Wednesday, May 20, 2009

Threats

Here is something I've sometimes wondered about. If I have a gun, and someone is attempting to steal something (either belonging to me or another), am I permitted to point the gun at her and command her, at gunpoint, to refrain from stealing. To fill out this case, suppose that I know the thief is not a physical danger to any person: I know the thief is unarmed and gentle. I am not interested in the legal question—that differs from jurisdiction to jurisdiction, and depends on what official role one plays. But can I morally use a threat of lethal force to prevent theft, assuming the law permits me to?

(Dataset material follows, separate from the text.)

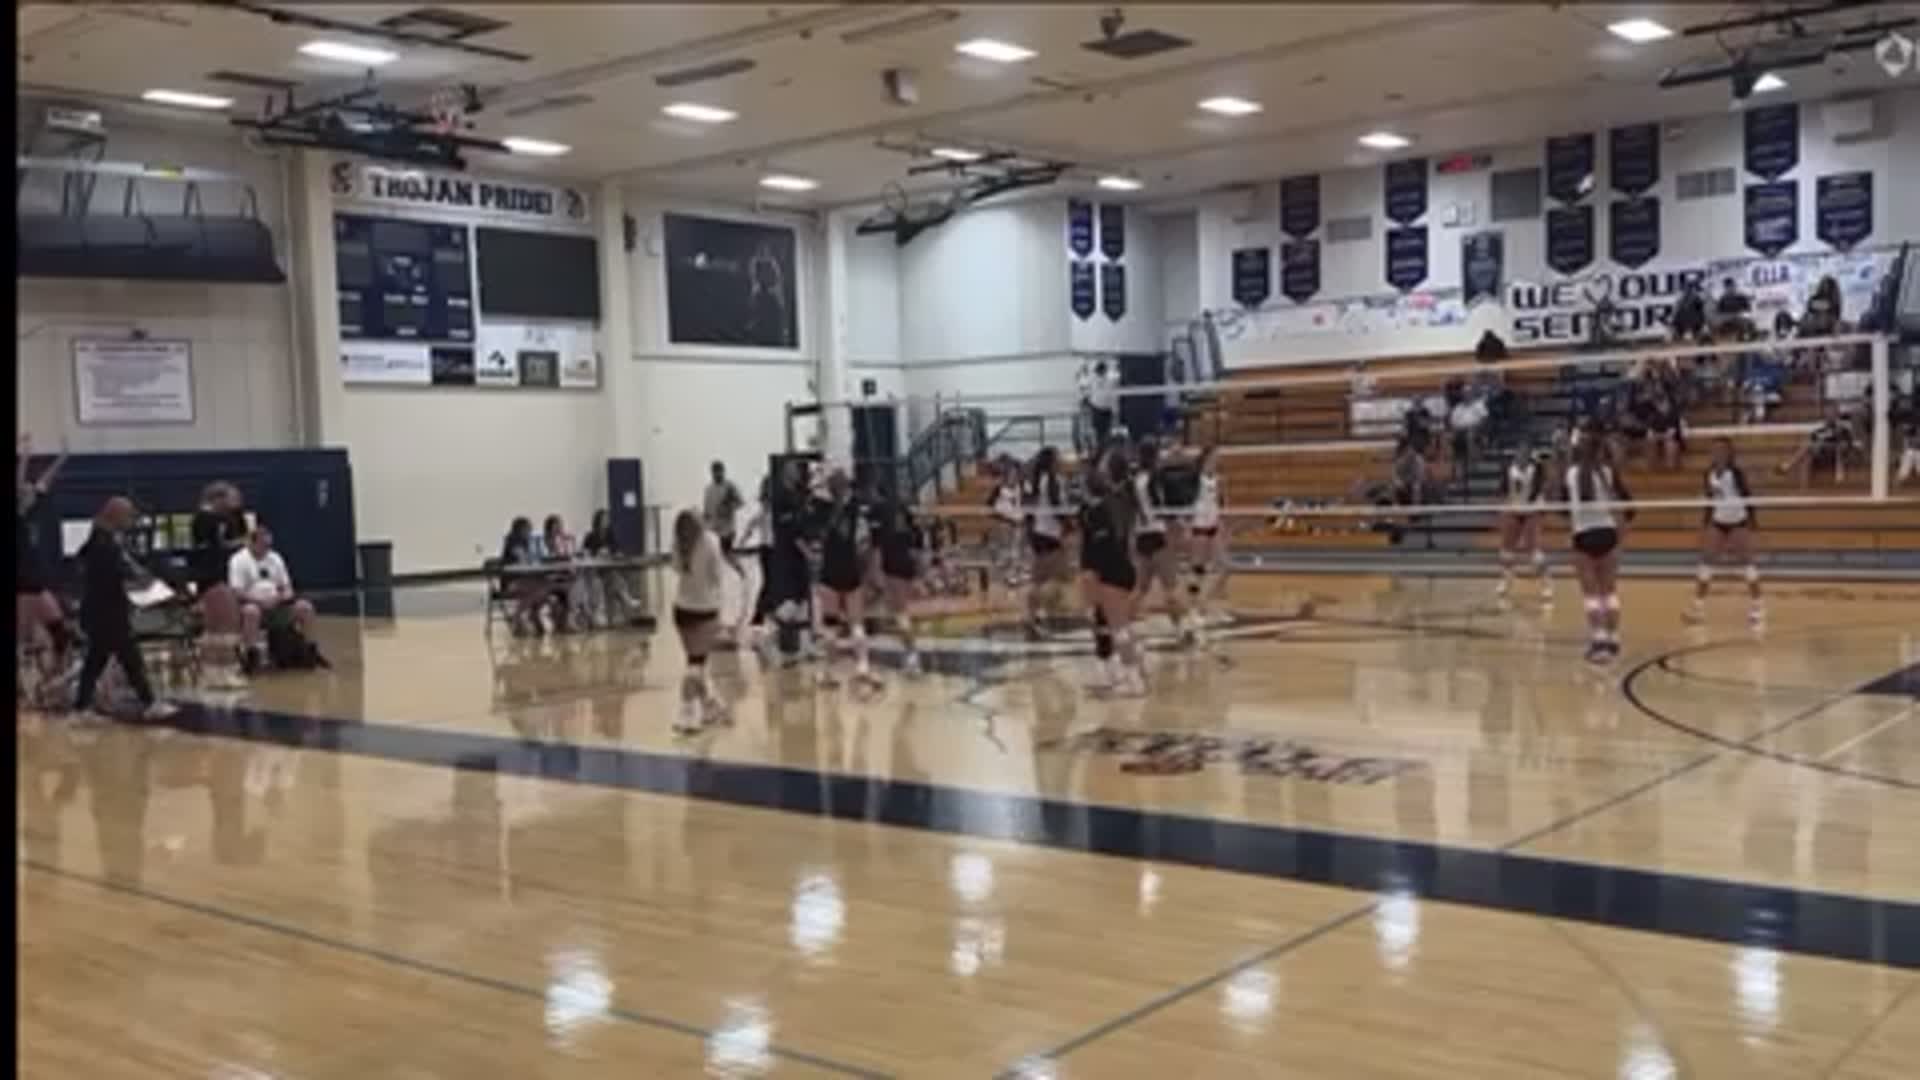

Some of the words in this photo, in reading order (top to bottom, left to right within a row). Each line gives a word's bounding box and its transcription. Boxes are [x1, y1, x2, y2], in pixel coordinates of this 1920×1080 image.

I assume that generally it is wrong to use lethal force to prevent mere theft (there are exceptions, such as cases where what is being stolen is something necessary to someone's survival). Now, pulling out the gun is offering a threat of force. Is it permissible to offer a threat that it would be immoral to carry out?

If one thinks deception is always wrong, the threatener is in the wrong. If she intends to carry out the threat, she is in the wrong since it is a threat that it is wrong to carry out. If she does not intend to carry out the threat, the threat is deceitful. However, while lying is always wrong, deceit is not. (There is nothing wrong with hanging a hat on a stick behind a bush to draw enemy fire.)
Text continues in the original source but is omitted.